**EXERCISE:**
Quote, word for word, every line starting at the line that contains "this 1600×900 image." and ending with the last line of the records; include both of these lines and no others.

(Data items)
Content starts
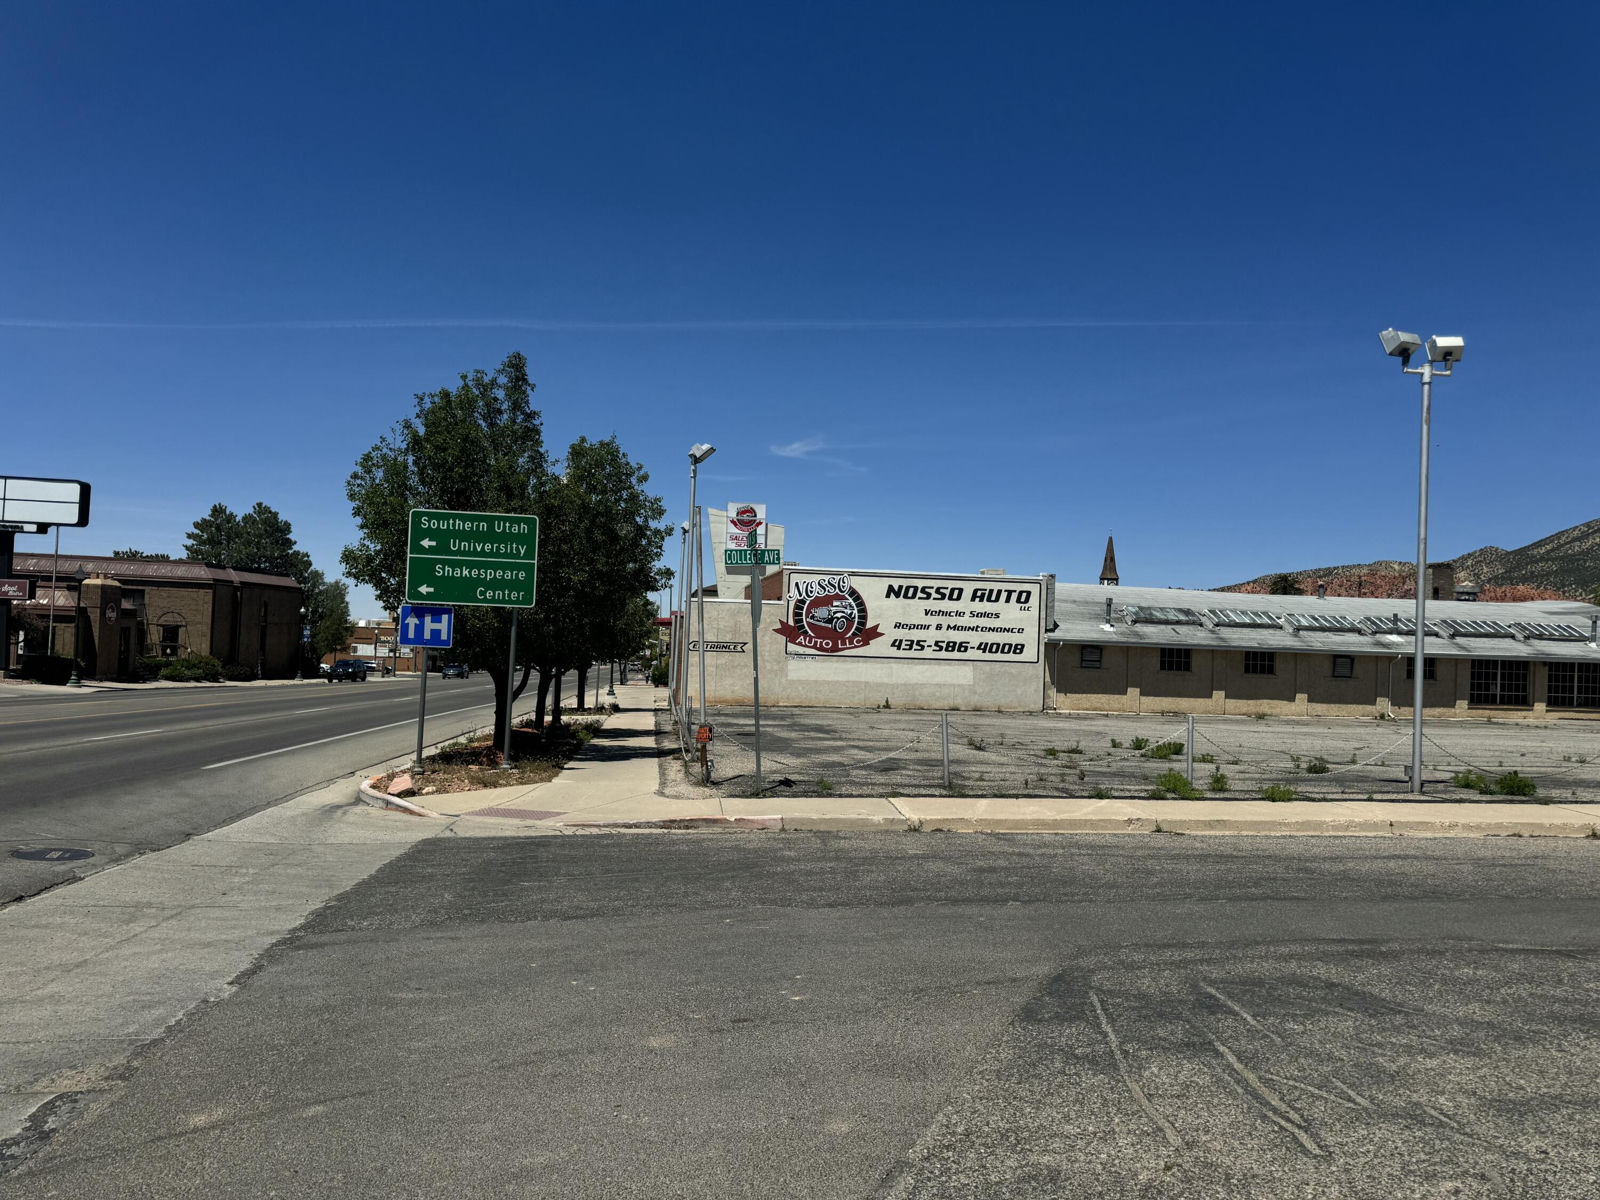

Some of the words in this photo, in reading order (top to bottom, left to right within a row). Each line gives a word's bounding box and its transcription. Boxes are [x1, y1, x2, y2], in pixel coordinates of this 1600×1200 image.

[420, 516, 487, 531] Southern
[494, 520, 528, 533] Utah
[450, 538, 526, 556] University
[726, 550, 762, 564] COLLEGE
[764, 550, 779, 564] AVE
[435, 564, 526, 581] Shakespeare
[476, 587, 525, 601] Center
[787, 573, 851, 601] NOSSO
[885, 584, 964, 602] NOSSO
[970, 588, 1032, 605] AUTO
[924, 608, 966, 618] Vehicle
[969, 610, 1001, 619] Sales
[423, 613, 449, 641] H
[893, 621, 933, 632] Repair
[935, 623, 943, 632] &
[946, 623, 1025, 634] Maintenance
[692, 642, 739, 651] ETRANCE
[796, 635, 832, 649] AUTO
[838, 636, 863, 649] LLC
[890, 638, 1026, 655] 435-586-4008
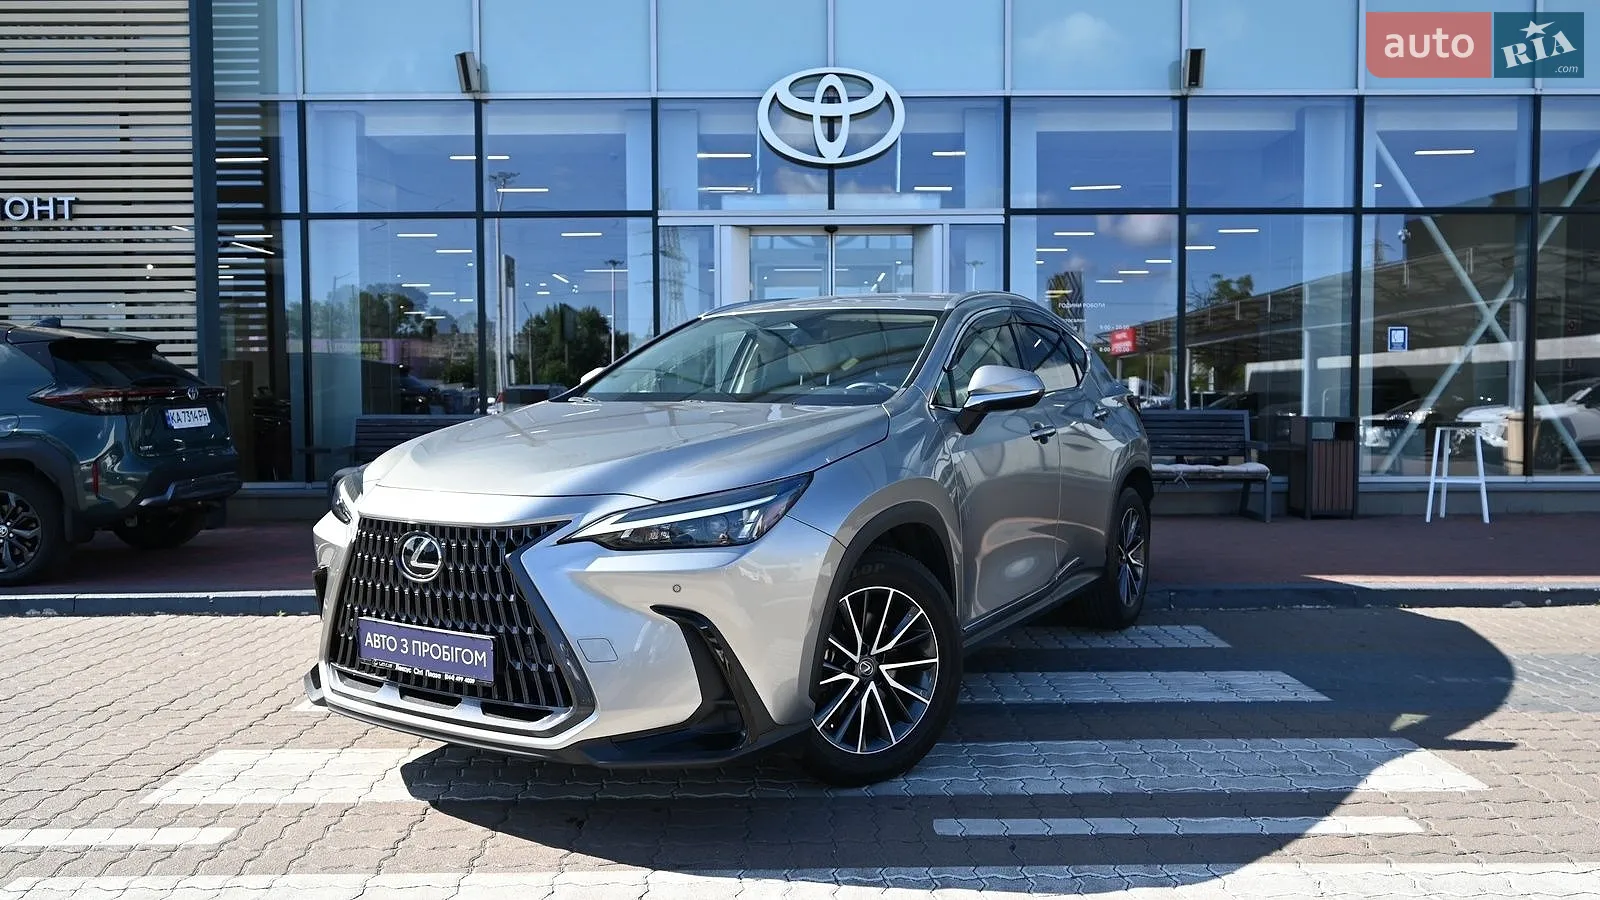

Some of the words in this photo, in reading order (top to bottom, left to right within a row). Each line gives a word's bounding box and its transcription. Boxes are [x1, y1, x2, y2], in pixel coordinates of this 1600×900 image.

[182, 410, 198, 423] 7314
[364, 631, 397, 652] АВТО
[412, 640, 487, 667] ПРОБІГОМ
Content ends
**EXERCISE SOLUTION:**
Some of the words in this photo, in reading order (top to bottom, left to right within a row). Each line gives a word's bounding box and its transcription. Boxes are [x1, y1, x2, y2], in pixel coordinates of this 1600×900 image.

[182, 410, 198, 423] 7314
[364, 631, 397, 652] АВТО
[412, 640, 487, 667] ПРОБІГОМ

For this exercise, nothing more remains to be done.